Not true. In the past you would leave both sale date and purchase date blank if you were entering totals only and attaching copies of broker listing of sales. If you read any of the zillion posts on this board most people are entering 12/31 for the sales date and Various for the purchase date.
I just enter 12/31/20 as the sale date then select long term or short term.
I agree with you (and prior versions) that you should be able to enter "various" as the sale date, enter the summary proceeds and summary cost, and just attach the PDF. Setting the sale date to 12/31/20 is technically incorrect unless the sale date was actually 12/31/20. I don't know if the IRS is going to have a hissy fit if practitioners set the date to 12/31, but it is sure less of a time waster than entering 6 pages of stock transactions simply because (in my case) TP has $8 of disallowed wash sale losses that preclude me from entering "D" transactions in the summary line of the 1099-B worksheet.

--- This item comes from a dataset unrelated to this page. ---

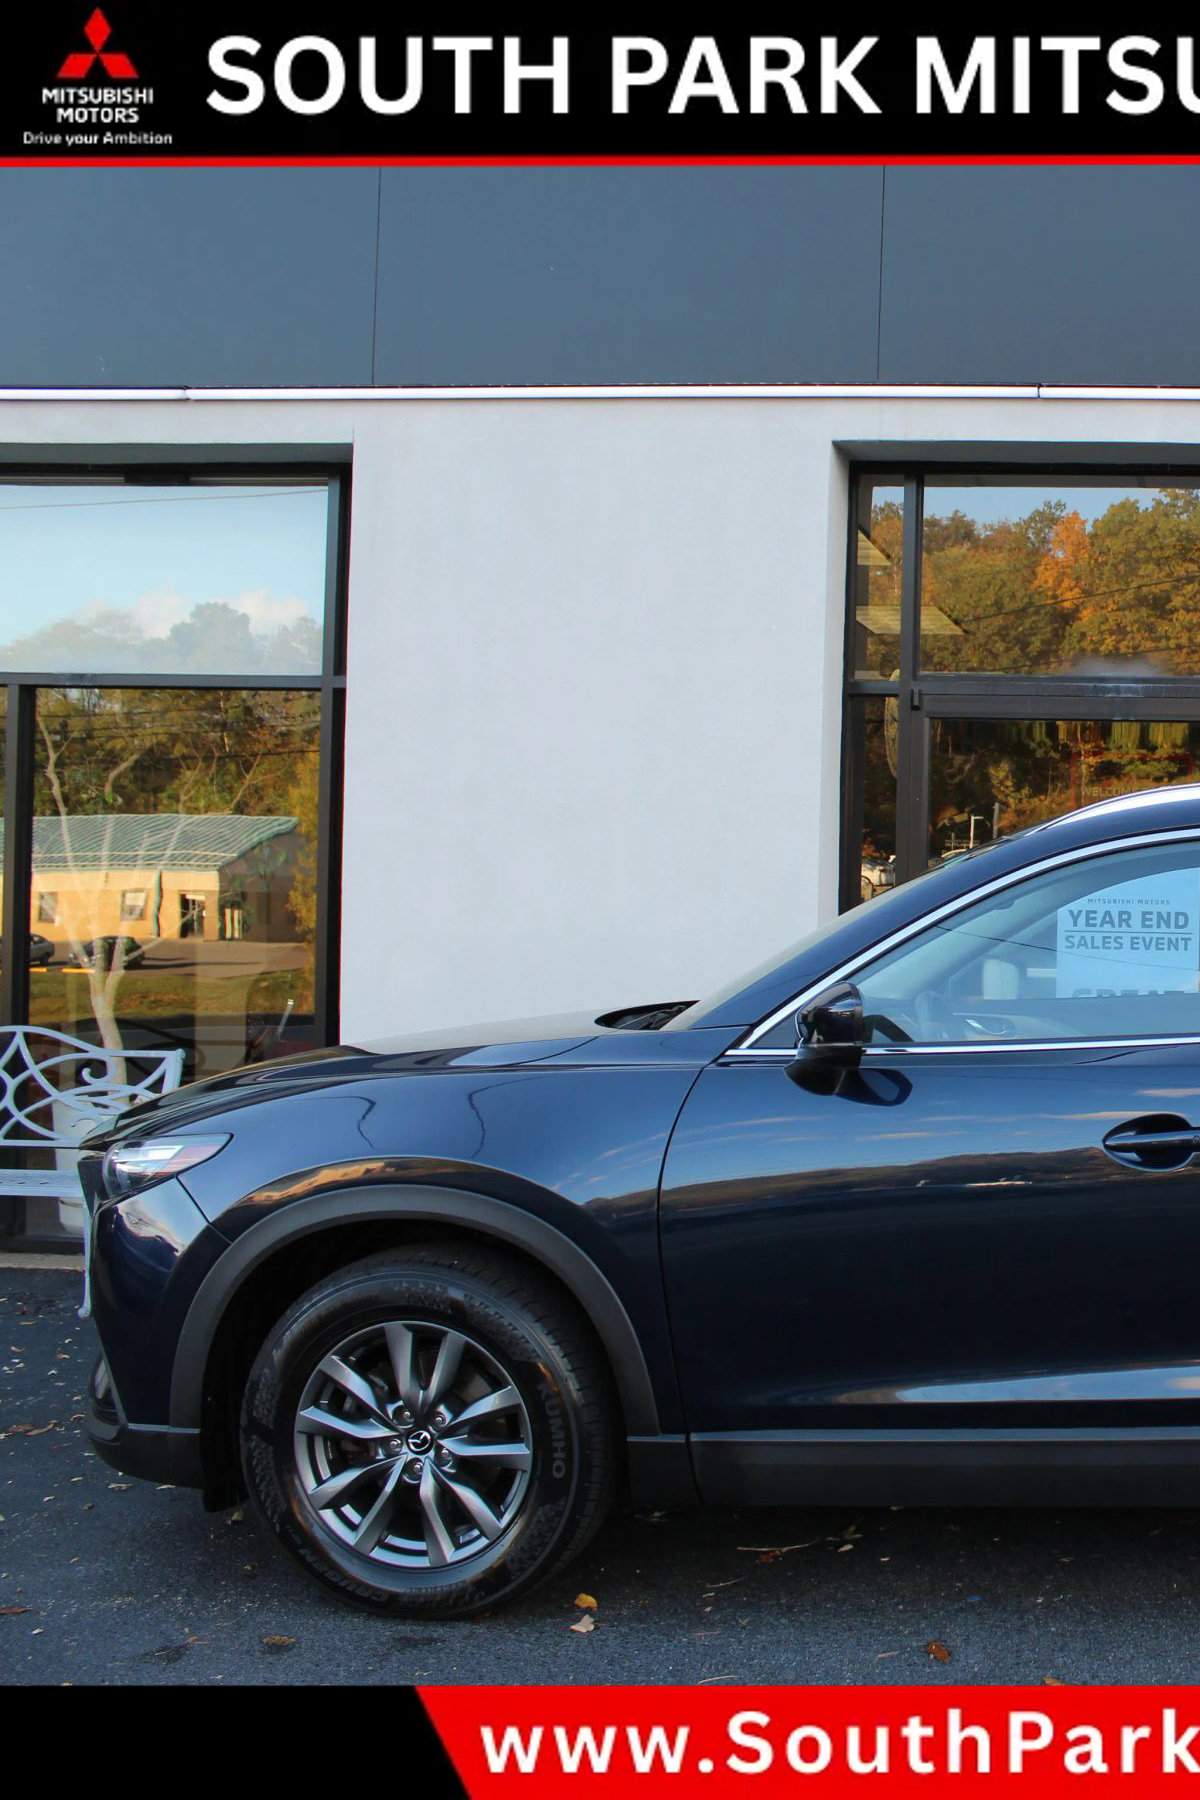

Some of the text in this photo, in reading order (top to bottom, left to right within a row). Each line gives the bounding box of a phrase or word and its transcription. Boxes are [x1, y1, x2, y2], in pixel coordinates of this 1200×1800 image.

[1067, 909, 1190, 930] YEAR END
[1064, 934, 1192, 951] SALES EVENT
[536, 1384, 567, 1479] KUMHO

I suppose another option is to leave it blank, run the error checking before e-filing to confirm that this is the only error, then disable error checking before e-filing. Leaving it blank is no worse than setting an incorrect date, IMO.
Thanks for your suggestions.
Would really like to know if it was the IRS or Intuit that changed the sales date option.
Of course, it really doesn't have any affect on the tax liability and attaching the PDF the IRS should see that and pass on any adjustments.